I’m not referring to income taxes, but property taxes. Or, to be more precise, the assessment of your property’s value by the province — a key determinant of the property taxes you are charged by your municipality.
March 31 is the deadline in Ontario to file an appeal, or a request for consideration, that would apply to the current tax year, if you have grounds to believe provincial assessors have overvalued your property.
I’ve written before about the importance of ensuring your property has been fairly assessed. Higher assessed values typically lead to higher property taxes – an operating cost that must be reflected in the rental rates for a commercial property to ensure a healthy profit margin. Doing whatever you can to manage costs, and passing those savings on to tenants, is a competitive advantage.
Of course, if you are an owner-occupier, addressing an over-assessment, and realizing a subsequent reduction in property taxes, yields an immediate and wholesale boost to your bottom line.
The larger the property in question, the more dramatic the savings can be. I’ve seen examples in my work where just one mistake was costing the property owner $100,000, $250,000 and even $600,000 a year.
To determine your property’s fair market value, you must dig deep into the records of the tax assessment authority. These are generally easy to access, but are not provided automatically with your notice of assessment.
Then, you must compare the assessor’s information with your property records, to make sure the value and tax assessment are correct. In the vast majority of cases, a company that manages its own property won’t have the staff or resources to do this correctly.

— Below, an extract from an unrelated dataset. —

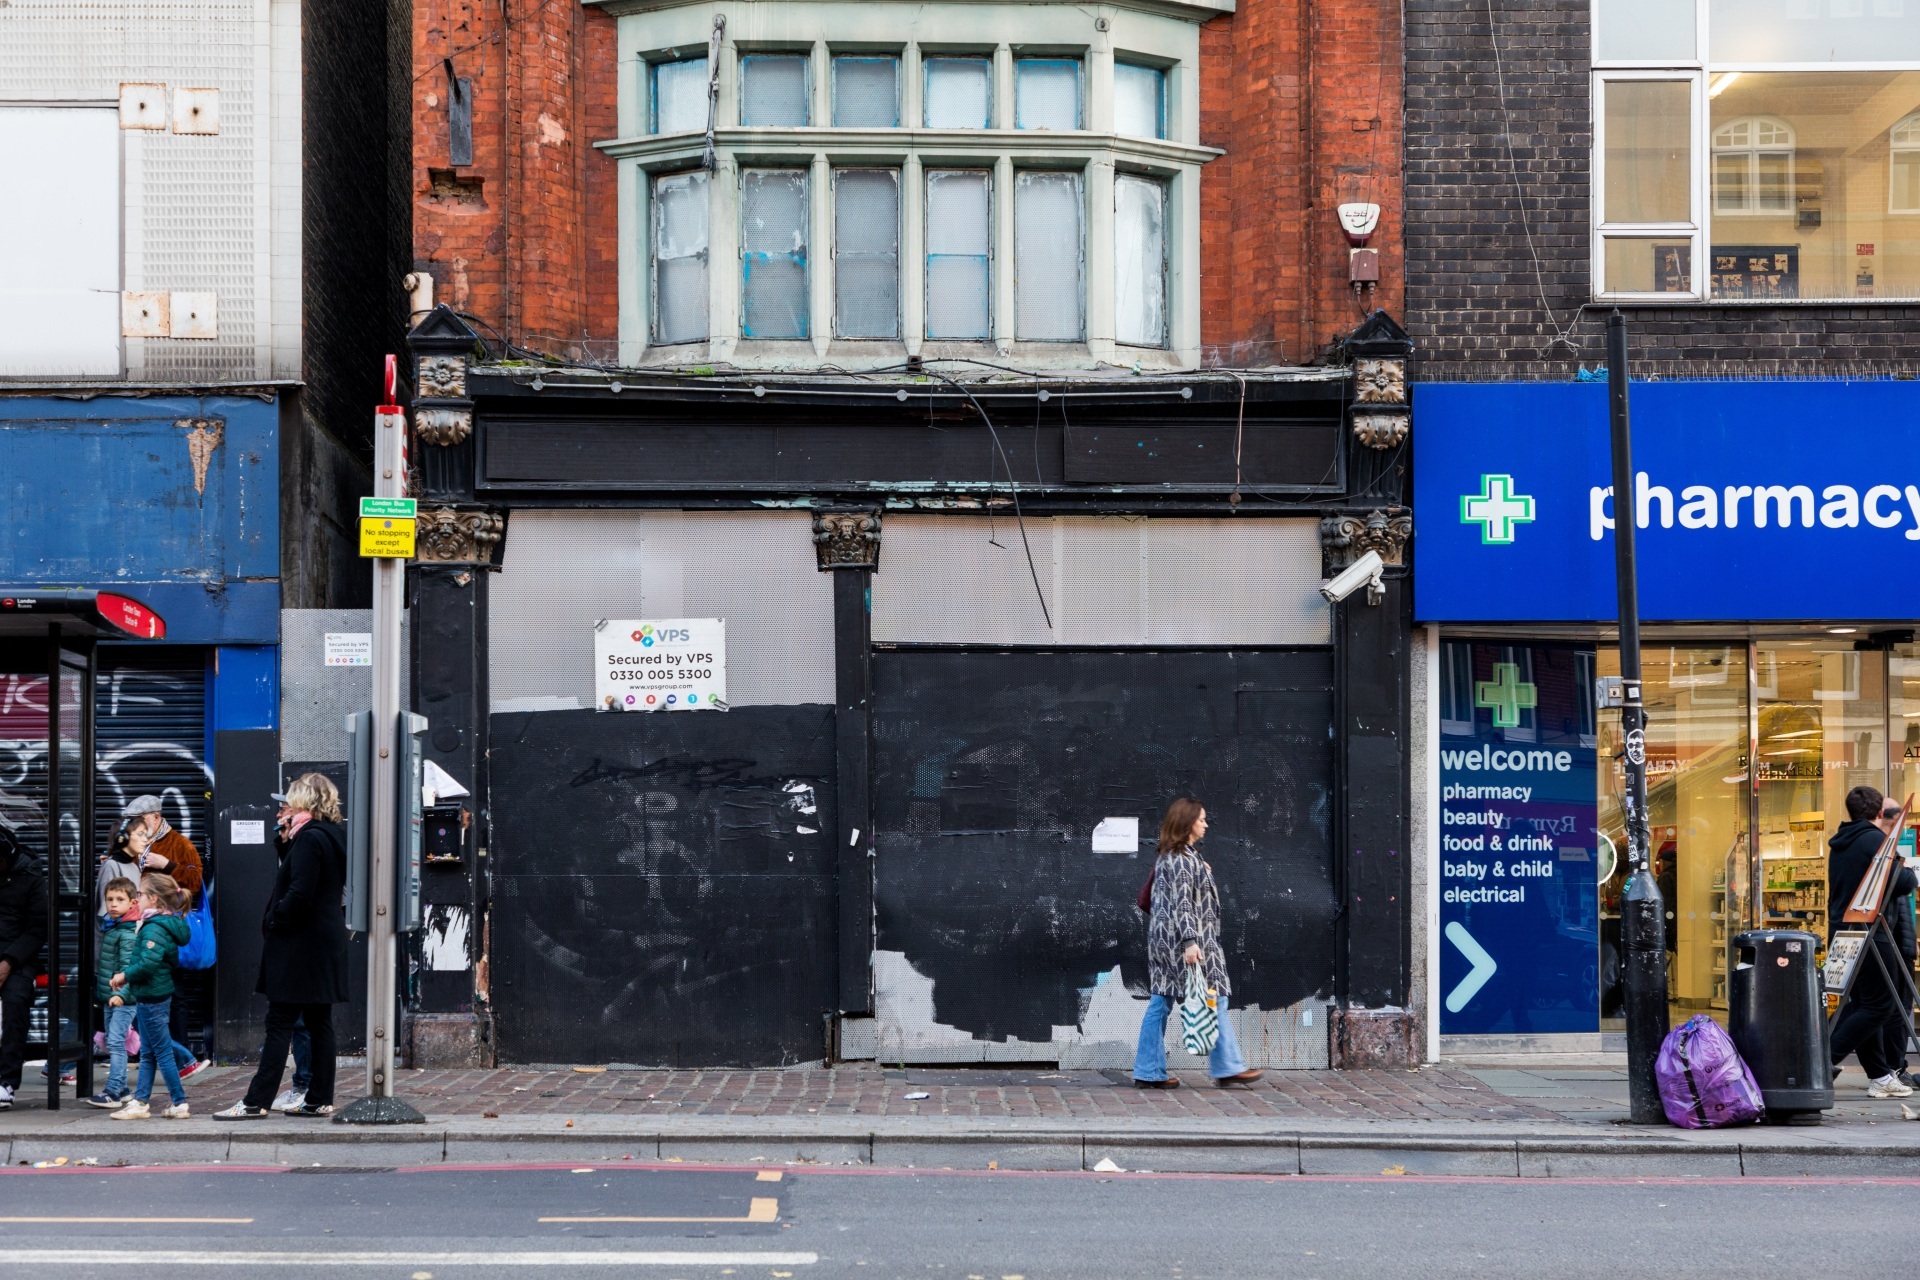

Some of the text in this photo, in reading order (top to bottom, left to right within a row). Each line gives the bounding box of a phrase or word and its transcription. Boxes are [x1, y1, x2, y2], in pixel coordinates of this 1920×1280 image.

For example: a clerk in the accounting department gets a tax bill, and, without knowing what they’re looking at, simply pays it.
Overpayment on taxes can occur because the information on the tax bill does not provide sufficient detail to understand how or why it was assessed.
With this in mind, here are three common mistakes that could be inflating your operating costs, which only serves to give your competitors a leg up.
Mistake # 1 — Failing to keep the tax assessor advised with correct information about your property.
Problems arise if the assessor’s office has outdated or incorrect information on the size, use or conditions of your building(s). If this happens, the assessor will arrive at the wrong valuation for your property – and you may overpay your taxes by a large amount.
For example, I worked with a communications company that was erroneously assessed for 220 acres of land that belonged to someone else. Despite being highly competent in every other area of their business, they had unknowingly been paying somebody else’s property taxes.
After multiple appeals with the assessor’s office, we resolved the issue in our client’s favour, and they received a refund cheque for $635,000.
Mistake # 2 — Failing to develop a working relationship with the tax assessor.
If Mistake #1 involves what you say to the tax assessor, Mistake #2 is about how you say it.
At the end of the day, it’s a person who determines the taxable value of your property. Valuing a property is not completely scientific – it’s equal parts fact and opinion. Because people are involved, opinions – like tax bills – can vary widely.
This means you must work effectively with the tax assessor to make sure the value they come up with for your property is reasonable. If you don’t work well with the assessor, you will pay too much. It’s that simple.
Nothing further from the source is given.